> **What is required**: Could you transcribe every record below exactly, leaving out any pictures?

(Source data)

• • •

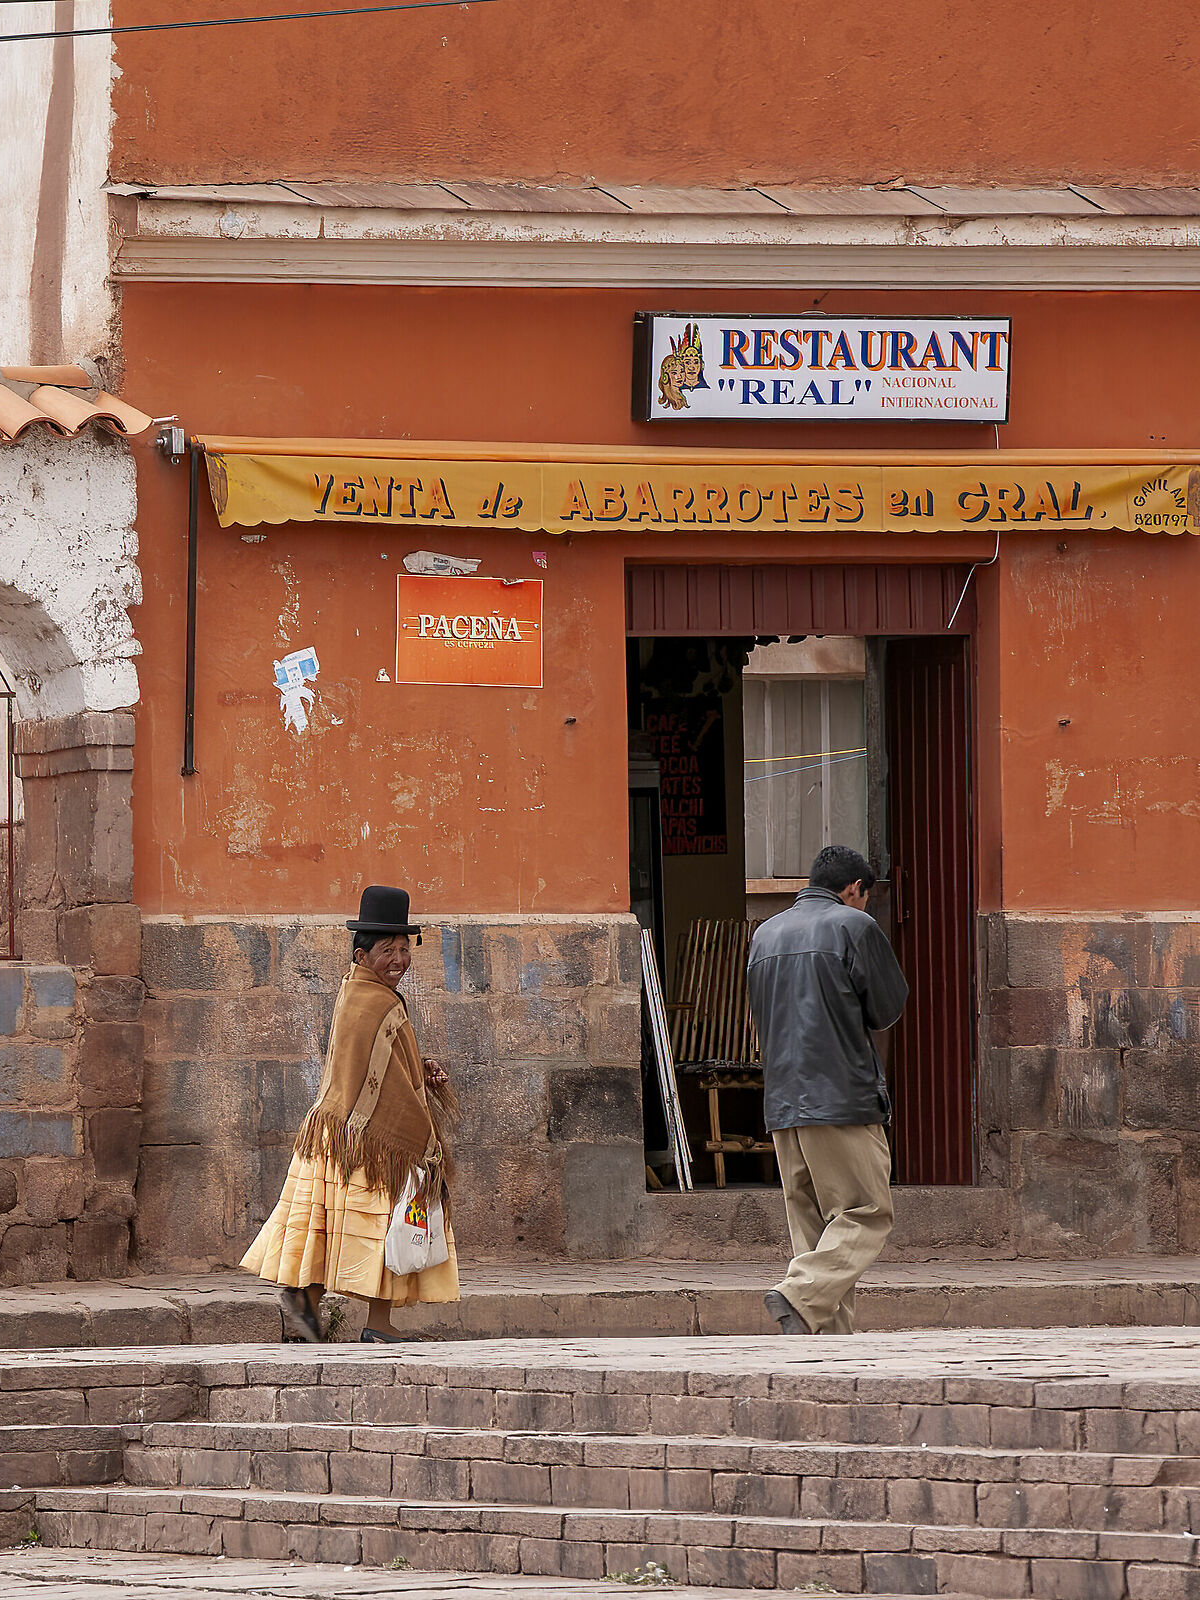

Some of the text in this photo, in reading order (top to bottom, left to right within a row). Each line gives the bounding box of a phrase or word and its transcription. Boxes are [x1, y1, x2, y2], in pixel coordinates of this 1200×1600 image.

[719, 329, 1009, 372] RESTAURANT
[718, 378, 872, 406] "REAL"
[881, 376, 957, 389] NACIONAL
[880, 396, 999, 409] INTERNACIONAL
[309, 474, 456, 520] VENTA
[476, 482, 524, 519] de
[559, 478, 865, 523] ABARROTES
[886, 488, 934, 517] en
[1133, 478, 1187, 509] GAVILAN
[1134, 513, 1189, 527] 820797
[418, 609, 523, 641] PACEÑA
[444, 640, 496, 650] es cerveza
[660, 755, 700, 775] OCOA
[661, 776, 702, 796] ATES
[661, 797, 705, 817] ALCHI

• • •

> **Exercise output**:
Some of the text in this photo, in reading order (top to bottom, left to right within a row). Each line gives the bounding box of a phrase or word and its transcription. Boxes are [x1, y1, x2, y2], in pixel coordinates of this 1200×1600 image.

[719, 329, 1009, 372] RESTAURANT
[718, 378, 872, 406] "REAL"
[881, 376, 957, 389] NACIONAL
[880, 396, 999, 409] INTERNACIONAL
[309, 474, 456, 520] VENTA
[476, 482, 524, 519] de
[559, 478, 865, 523] ABARROTES
[886, 488, 934, 517] en
[1133, 478, 1187, 509] GAVILAN
[1134, 513, 1189, 527] 820797
[418, 609, 523, 641] PACEÑA
[444, 640, 496, 650] es cerveza
[660, 755, 700, 775] OCOA
[661, 776, 702, 796] ATES
[661, 797, 705, 817] ALCHI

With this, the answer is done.